* EXERCISE PROMPT *
Nothing but the pictures may be dropped; the rest of the listing is to be written out exactly.
** RECORDS follows **
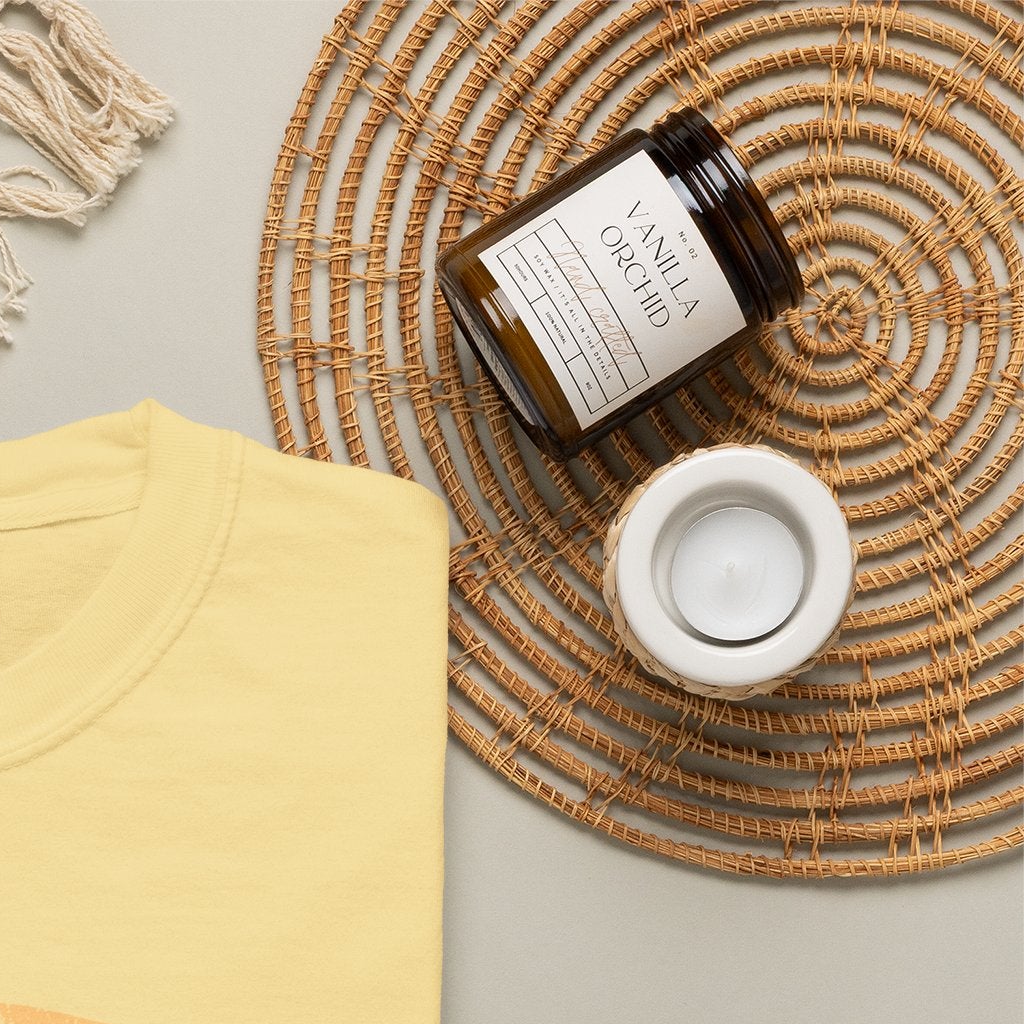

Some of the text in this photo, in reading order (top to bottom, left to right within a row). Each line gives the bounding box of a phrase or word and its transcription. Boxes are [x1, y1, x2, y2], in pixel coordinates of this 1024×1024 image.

[600, 225, 670, 328] ORCHID
[626, 199, 700, 319] VANILLA
[677, 230, 698, 260] No. 02
[533, 254, 545, 267] SOY
[543, 268, 555, 284] WAX
[568, 308, 579, 323] ALL
[578, 324, 586, 334] IN
[584, 335, 596, 350] THE
[593, 351, 611, 380] DETAILS
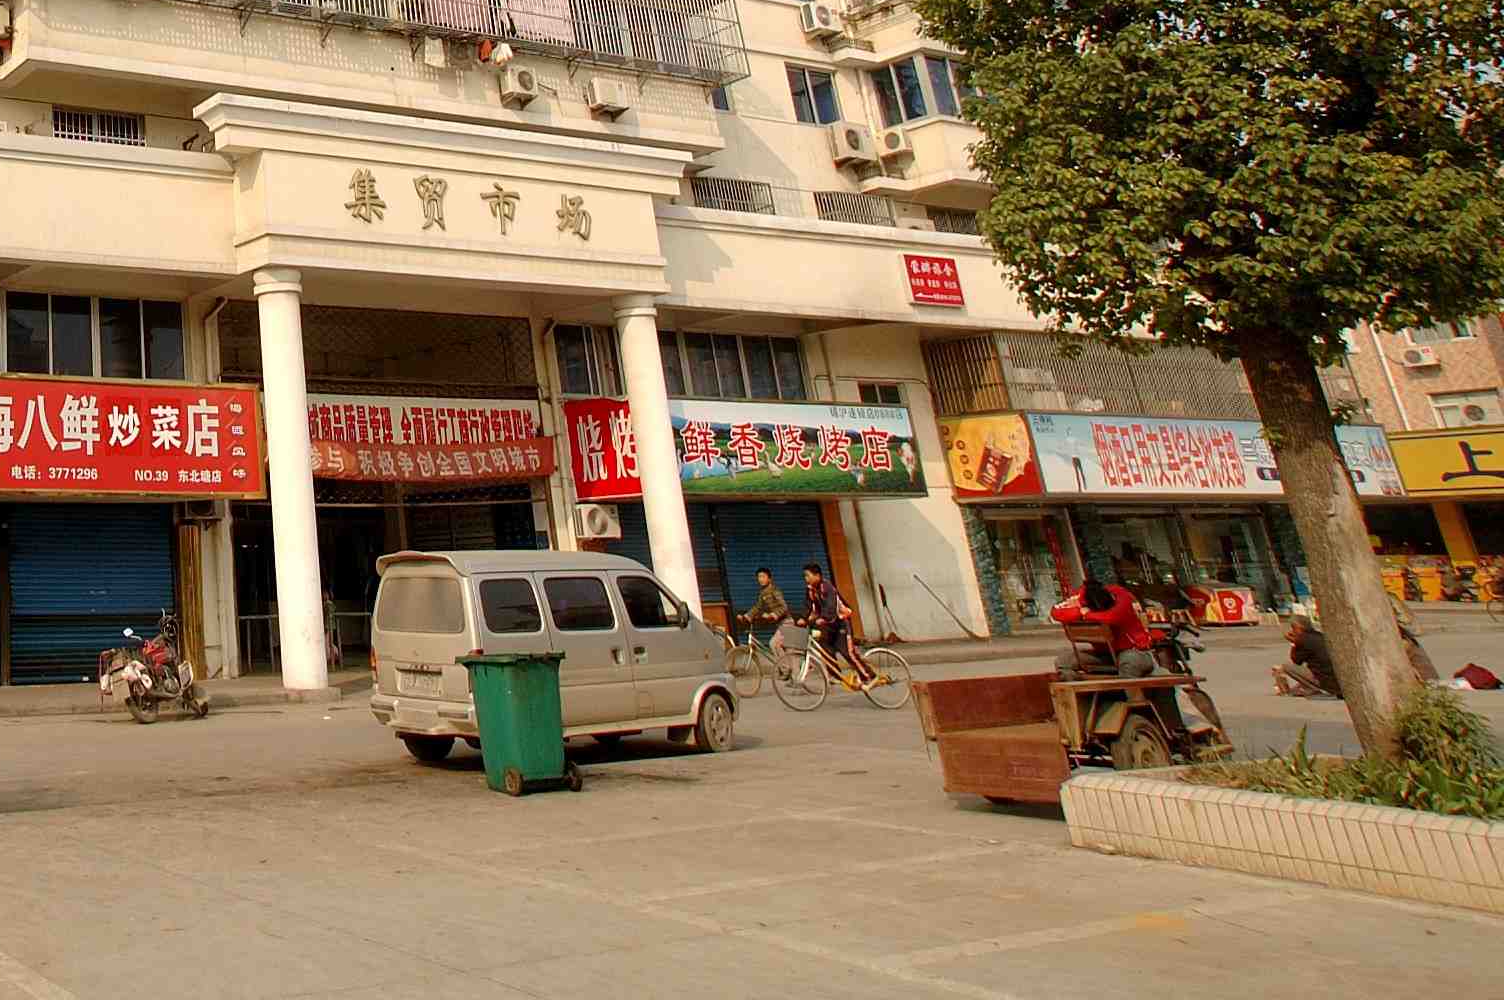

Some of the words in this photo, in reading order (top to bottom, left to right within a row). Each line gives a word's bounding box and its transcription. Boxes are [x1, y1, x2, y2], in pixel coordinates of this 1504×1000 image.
** End of RECORDS **
* EXERCISE RESULT *
Some of the text in this photo, in reading order (top to bottom, left to right within a row). Each line gives the bounding box of a phrase or word and its transcription. Boxes are [x1, y1, x2, y2], in pixel coordinates of this 1024×1024 image.

[600, 225, 670, 328] ORCHID
[626, 199, 700, 319] VANILLA
[677, 230, 698, 260] No. 02
[533, 254, 545, 267] SOY
[543, 268, 555, 284] WAX
[568, 308, 579, 323] ALL
[578, 324, 586, 334] IN
[584, 335, 596, 350] THE
[593, 351, 611, 380] DETAILS

Some of the words in this photo, in reading order (top to bottom, left to right within a row). Each line gives a word's bounding box and its transcription. Boxes are [x1, y1, x2, y2], in pixel coordinates of this 1504×1000 image.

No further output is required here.